Mr.
@traestephens &
@foundersfund,
First, great read on VC Firms and the moral imperative of the top VCs to go after hard, yet good, quests. I found this particularly relevant to the plight of a small company that is trying to revolutionize the way we treat cancer.
Second, I'm going to highlight a few sections for my
$NWBO friends and then end with a question.
"In the most simple terms possible: a good quest makes the future better than our world today, while a bad quest doesn't improve the world much at all, or even makes it worse....Most Good Quests are Hard...A hard quest is high-risk and operationally complex, with a low chance of success. Reversing aging, going to Mars, curing cancer, building a supersonic plane, creating AGI, or founding a new country — these are all hard quests, and most players attempting these quests will fail....In the 1980s, a venture capitalist could truthfully say their investment was the difference between life or death for an important, generational technology company. Funding such companies, in this way, was absolutely a good quest. But today there are more people "helping the builders" than actually building, fighting one another in a zero-sum game for allocation in competitive deals...For our best players with exceptional fundraising and hiring superpowers, hard quests are difficult. But for everyone else, they are nearly impossible. Therefore, there is a moral imperative for our best players to choose good, hard quests...If you are an experienced founder with lots of money or social capital, leave the next food delivery startup to the Level 1 neuromancer, and ask yourself: what would the world look like if our best players took on good quests?"

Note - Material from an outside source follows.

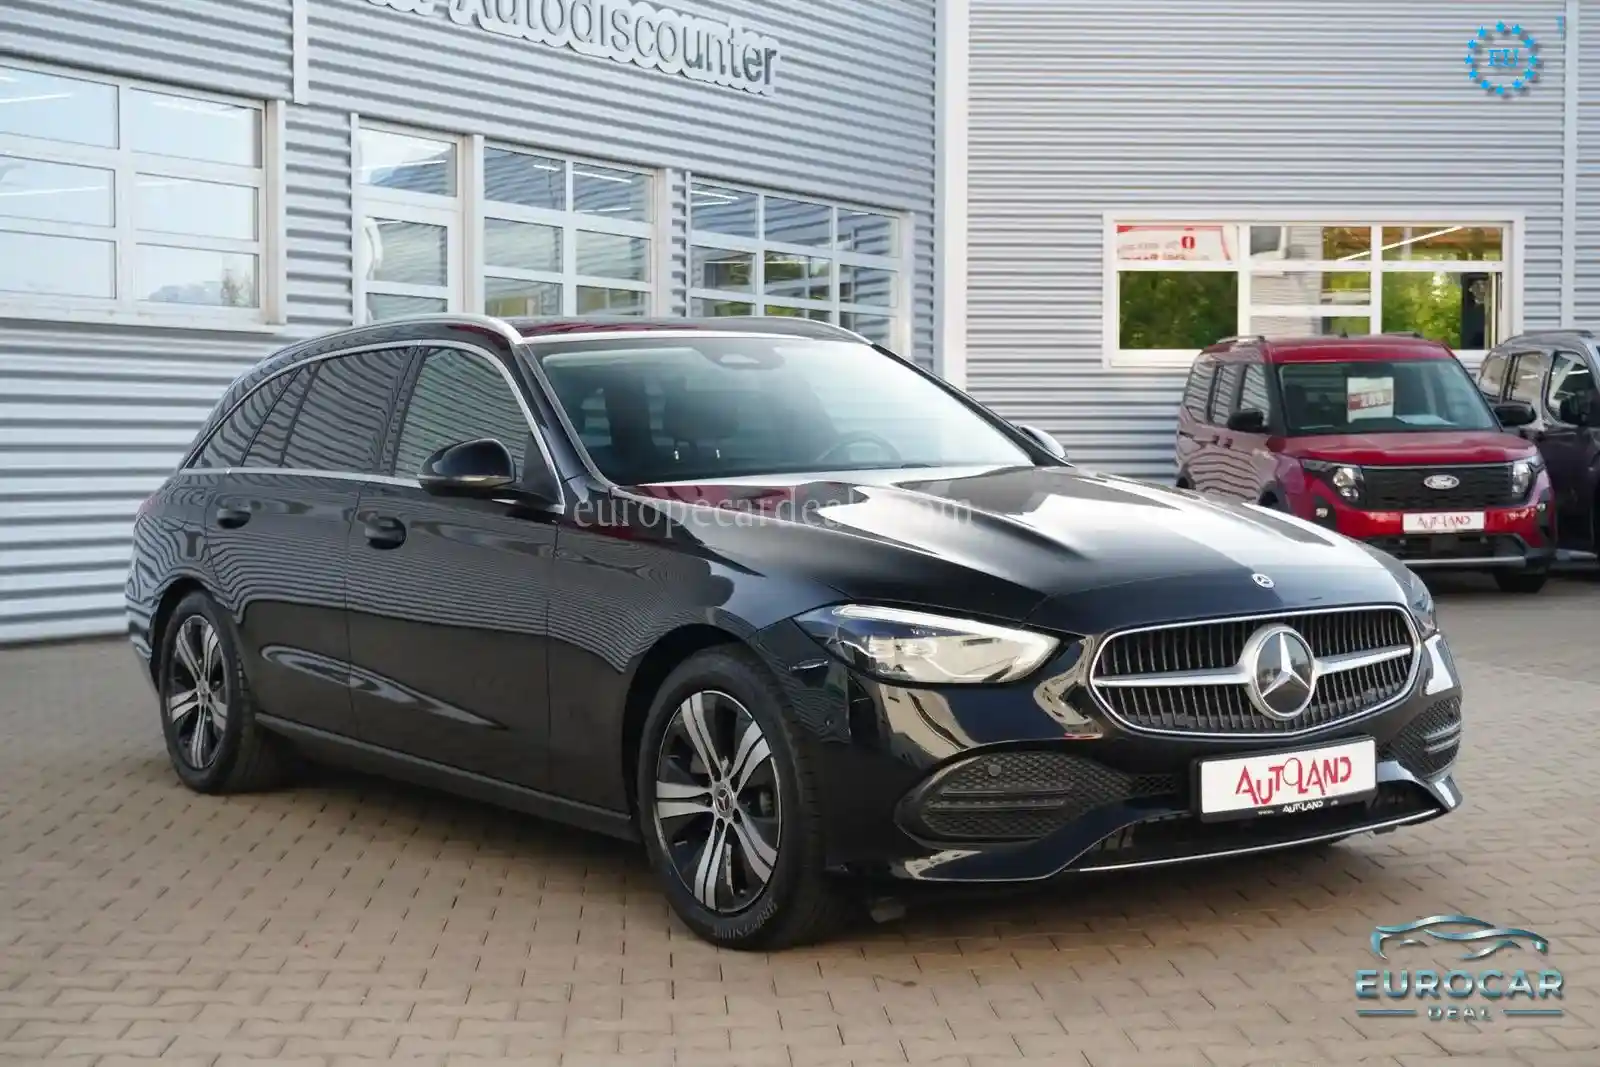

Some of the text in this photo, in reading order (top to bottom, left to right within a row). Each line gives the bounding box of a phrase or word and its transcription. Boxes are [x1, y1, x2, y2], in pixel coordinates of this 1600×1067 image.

[455, 0, 778, 86] utodiscounter
[1417, 515, 1472, 530] AUTLAND
[1235, 755, 1353, 805] AUTOLAND

My question(s): Would using your own immune system to cure all solid tumor cancers with 0 toxic side effects be a good quest? How about starting with one of the hardest to treat cancers in the world (glioblastoma multiforme) where 5% survive 5 years and increase that number up to 50%? See Image 1. Getting this treatment to the world could change the landscape of cancer care. Where are the best and brightest VC Firms in this quest?